À Rüdesheim, la musique commence avant le vin. Dès la passerelle posée sur la promenade du Rhin, on perçoit les orchestres qui s'échauffent dans les caveaux, les verres qui tintent sur les tables de bois et, derrière les toits, le quadrillage des vignes qui grimpe à l'assaut du coteau. Cette petite cité du Rheingau, amarrée à l'entrée de la vallée classée du Haut-Rhin moyen, a fait de l'accueil des voyageurs un art qu'elle pratique depuis des générations. On vient ici pour le vin, pour la vue et pour cette gaieté rhénane qui ne se force pas.

La Drosselgasse, 144 mètres de fête

Depuis le débarcadère, quelques pas mènent à la Drosselgasse, une venelle pavée de 144 mètres devenue le cœur battant de la ville. Tavernes à vin, cours intérieures et enseignes ouvragées s'y succèdent sans interruption; l'après-midi, la musique déborde de chaque porte. On peut fuir la cohue en bifurquant dans l'Oberstrasse, où les maisons à colombages abritent des domaines viticoles et des boutiques plus discrètes. C'est là que l'on croise les habitants faisant leurs courses, à deux rues du flot des visiteurs.

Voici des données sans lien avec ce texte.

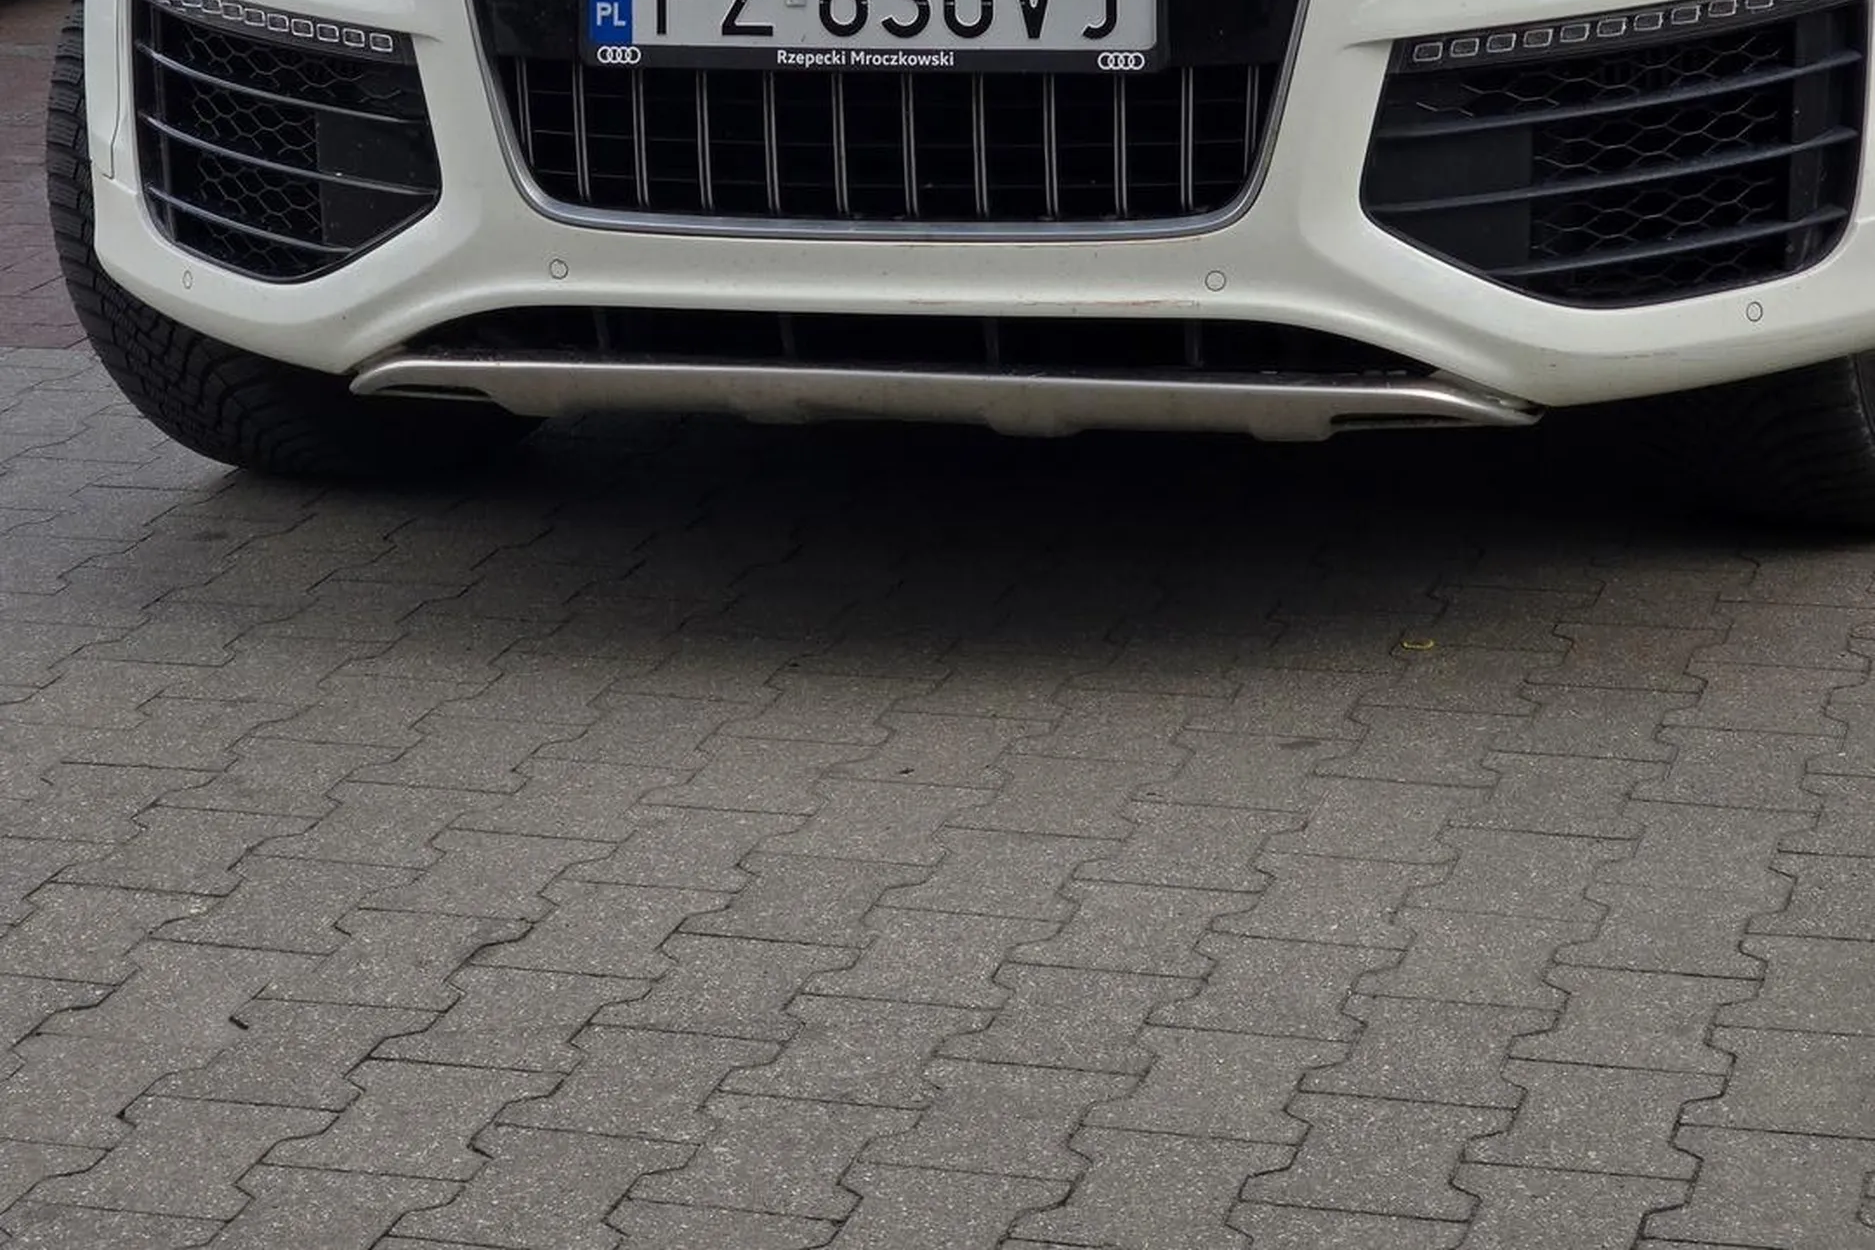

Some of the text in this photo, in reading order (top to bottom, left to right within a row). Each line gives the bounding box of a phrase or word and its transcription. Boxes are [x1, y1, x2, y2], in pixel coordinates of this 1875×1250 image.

[596, 2, 626, 27] PL
[777, 49, 955, 68] Rzepecki Mroczkowski
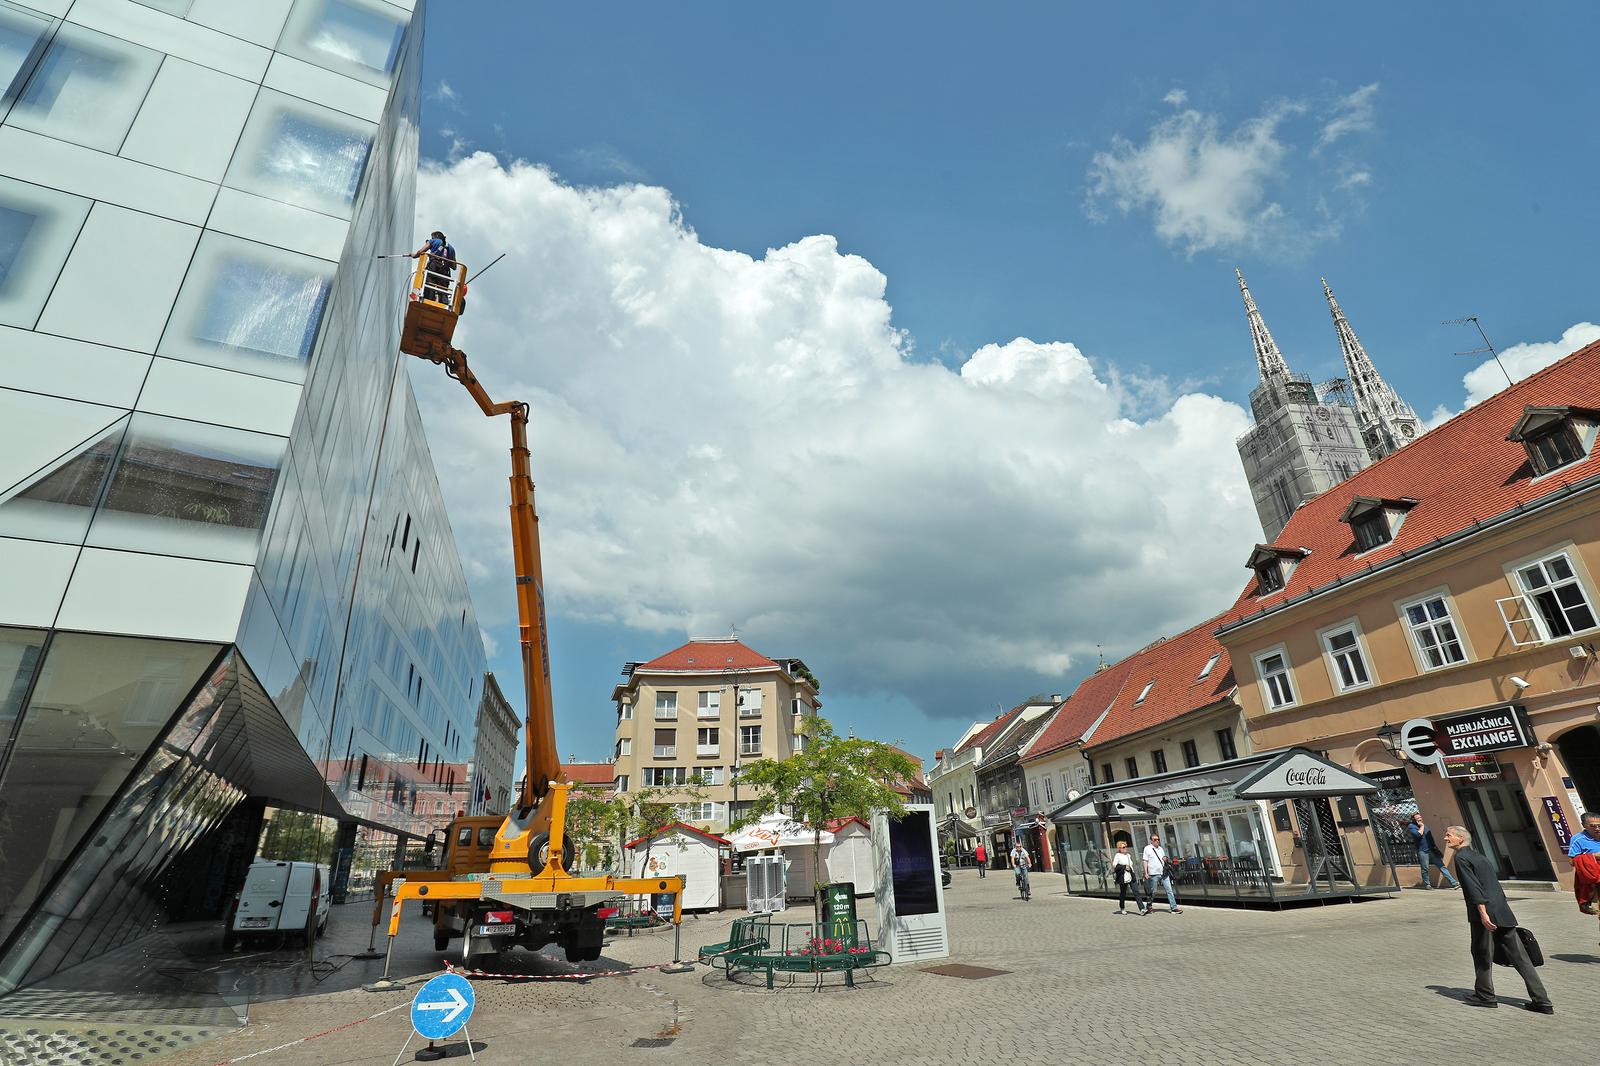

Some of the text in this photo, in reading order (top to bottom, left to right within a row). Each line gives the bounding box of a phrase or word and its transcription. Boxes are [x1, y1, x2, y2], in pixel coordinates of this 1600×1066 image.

[1446, 716, 1512, 735] MJENJAČNICA
[1451, 730, 1517, 750] EXCHANGE
[1286, 767, 1326, 786] Coca-Cola

Des instruments qui jouent tout seuls

Dans un manoir ancien à deux rues du fleuve, le Musikkabinett de Siegfried rassemble une étonnante collection d'instruments mécaniques : orchestrions, pianos automatiques, boîtes à musique et orgues de foire. La visite guidée les fait fonctionner un à un, et l'on ressort avec l'impression d'avoir entendu un orchestre fantôme traverser trois siècles de mécanique musicale. Petits et grands en ressortent avec le même sourire.

Au-dessus des vignes, la Germania

À une dizaine de minutes à pied du quai, la station du téléphérique embarque les visiteurs pour un survol silencieux des vignobles de riesling. Les cabines glissent au ras des ceps jusqu'au monument du Niederwald, inauguré en 1883 pour célébrer l'unité allemande. Du pied de la statue de la Germania, le regard embrasse la vallée : le fleuve, les îles, Bingen sur l'autre rive et les coteaux à perte de vue. Les marcheurs redescendent par les sentiers des vignes; les autres reprennent la cabine, le panorama en prime. Les plus vaillants poussent jusqu'à l'abbaye Sainte-Hildegarde, au-dessus du village d'Eibingen, où les moniales perpétuent la mémoire de Hildegarde de Bingen et vendent les produits de leur domaine.

Le goût du Rheingau

Impossible de traverser Rüdesheim sans goûter son riesling, servi frais dans les cours ombragées des domaines. Les moins portés sur le vin se laissent tenter par le Rüdesheimer Kaffee, préparé en salle : brandy local flambé dans une tasse, café chaud, crème fouettée et copeaux de chocolat. Un petit spectacle à lui seul, né ici dans les années 1950 et devenu rituel de fin de repas. Les caves du centre proposent aussi des dégustations commentées où l'on compare rieslings secs et vendanges tardives, souvent accompagnés d'un fromage régional.

Repères pratiques

  • Amarrage sur la promenade, au pied du centre : tout se fait à pied.
  • Téléphérique du Niederwald : compter environ une heure et demie pour l'aller-retour avec le panorama.
  • Forte affluence dans la Drosselgasse en mi-journée; les ruelles parallèles restent paisibles.
  • Monnaie : euro. Dégustations possibles directement chez les vignerons.

Quitter le coteau à regret

Au moment du départ, la Germania n'est plus qu'un point doré au sommet des vignes, mais la musique des caveaux semble suivre le navire sur l'eau. Rüdesheim laisse ce mélange rare de gaieté et de tradition viticole, à la porte d'une vallée où chaque méandre cache un château. La suite du voyage commence précisément là, au fil du fleuve qui se resserre.